Sudtha Murthy, Ummi H.A.M. Hazli, Kin W. Kong, Chun-Wai Mai, Chee-Onn Leong, Noorsaadah A. Rahman, Kong M. Lo and Chin F. Chee* Pages 1166 - 1173 ( 8 )
Background: Sesamol is a widely used antioxidant for the food and pharmaceutical industries. The oxidation products of this compound may be accumulated in foods or ingested. Little is known about its effect on human health.Objective: It is of great interest to identify the oxidation products of sesamol that may be beneficial to humans.
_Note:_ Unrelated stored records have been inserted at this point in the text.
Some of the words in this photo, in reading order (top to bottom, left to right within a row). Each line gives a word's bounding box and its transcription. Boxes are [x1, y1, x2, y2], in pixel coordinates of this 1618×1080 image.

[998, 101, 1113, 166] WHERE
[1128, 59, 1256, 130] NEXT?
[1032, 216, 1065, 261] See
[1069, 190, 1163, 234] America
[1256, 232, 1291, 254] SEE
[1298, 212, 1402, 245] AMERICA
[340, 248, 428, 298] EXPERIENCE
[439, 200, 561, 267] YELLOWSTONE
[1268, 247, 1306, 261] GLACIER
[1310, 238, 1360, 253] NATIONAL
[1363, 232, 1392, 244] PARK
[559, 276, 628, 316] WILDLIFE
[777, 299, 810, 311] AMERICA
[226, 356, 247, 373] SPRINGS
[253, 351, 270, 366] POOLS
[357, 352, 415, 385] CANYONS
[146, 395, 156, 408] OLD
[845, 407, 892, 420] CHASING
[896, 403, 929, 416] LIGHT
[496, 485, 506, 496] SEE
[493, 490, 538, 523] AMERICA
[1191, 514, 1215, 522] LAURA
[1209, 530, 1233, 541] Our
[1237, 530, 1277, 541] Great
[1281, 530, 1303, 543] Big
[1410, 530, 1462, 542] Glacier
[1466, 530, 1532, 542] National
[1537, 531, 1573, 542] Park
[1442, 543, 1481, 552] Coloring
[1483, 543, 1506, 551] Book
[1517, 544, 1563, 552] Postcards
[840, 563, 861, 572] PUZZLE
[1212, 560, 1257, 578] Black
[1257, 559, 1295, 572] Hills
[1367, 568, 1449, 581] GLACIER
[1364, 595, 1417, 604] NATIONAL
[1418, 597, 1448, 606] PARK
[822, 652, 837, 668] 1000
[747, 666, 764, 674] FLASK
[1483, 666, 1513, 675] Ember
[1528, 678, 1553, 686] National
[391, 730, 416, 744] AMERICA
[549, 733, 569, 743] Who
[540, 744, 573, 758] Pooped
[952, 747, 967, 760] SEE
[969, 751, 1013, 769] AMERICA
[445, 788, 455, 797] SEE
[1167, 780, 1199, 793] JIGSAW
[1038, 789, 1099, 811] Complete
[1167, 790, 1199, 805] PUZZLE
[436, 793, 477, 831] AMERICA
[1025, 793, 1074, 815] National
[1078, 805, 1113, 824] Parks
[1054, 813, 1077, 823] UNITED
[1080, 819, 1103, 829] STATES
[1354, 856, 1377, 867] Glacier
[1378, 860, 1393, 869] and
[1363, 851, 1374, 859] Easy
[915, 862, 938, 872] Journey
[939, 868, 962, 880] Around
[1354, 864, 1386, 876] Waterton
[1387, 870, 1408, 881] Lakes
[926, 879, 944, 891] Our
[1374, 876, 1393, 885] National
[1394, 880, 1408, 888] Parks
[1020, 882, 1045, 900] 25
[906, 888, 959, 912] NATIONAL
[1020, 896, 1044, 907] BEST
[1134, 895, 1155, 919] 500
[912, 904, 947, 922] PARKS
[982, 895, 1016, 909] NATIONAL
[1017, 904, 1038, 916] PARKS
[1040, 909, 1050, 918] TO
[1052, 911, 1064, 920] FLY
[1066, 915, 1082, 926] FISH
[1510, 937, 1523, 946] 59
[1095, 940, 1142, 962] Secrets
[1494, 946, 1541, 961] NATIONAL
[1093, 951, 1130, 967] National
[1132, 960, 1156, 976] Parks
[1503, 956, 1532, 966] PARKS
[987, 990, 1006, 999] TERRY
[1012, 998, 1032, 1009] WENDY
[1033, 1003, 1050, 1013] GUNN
This study was undertaken to identify the oxidation products of sesamol and investigate their antioxidant and cytotoxic activities. Materials and Methods: Using the ferricyanide oxidation approach, four oxidation products of sesamol (2, 3, 20 & 21) have been identified. Structural elucidation of these compounds was established on the basis of their detailed NMR spectroscopic analysis, mass spectrometry and x-ray crystallography. Additionally, a formation mechanism of compound 20 was proposed based on high-resolution mass spectrometry-fragmentation method. The antioxidant activities of these compounds were determined by the DPPH, FRAP, and ABTS assays. The in vitro antiproliferative activity of these compounds was evaluated against a panel of human cancer cell lines as well as non-cancerous cells. Results: Two oxidation products of sesamol were found to contain an unusual methylenedioxy ring-opening skeleton, as evidenced by spectroscopic and x-ray crystallographic data. Among all compounds, 20 displayed impressive antiproliferative activities against a panel of human cancer cell lines yet remained non-toxic to noncancerous cells. The antioxidant activities of compound 20 are significantly weaker than sesamol as determined by the DPPH, FRAP, and ABTS assays. Conclusion: The oxidation products of sesamol could be a valuable source of bioactive molecules. Compound 20 may be used as a potential lead molecule for cancer studies.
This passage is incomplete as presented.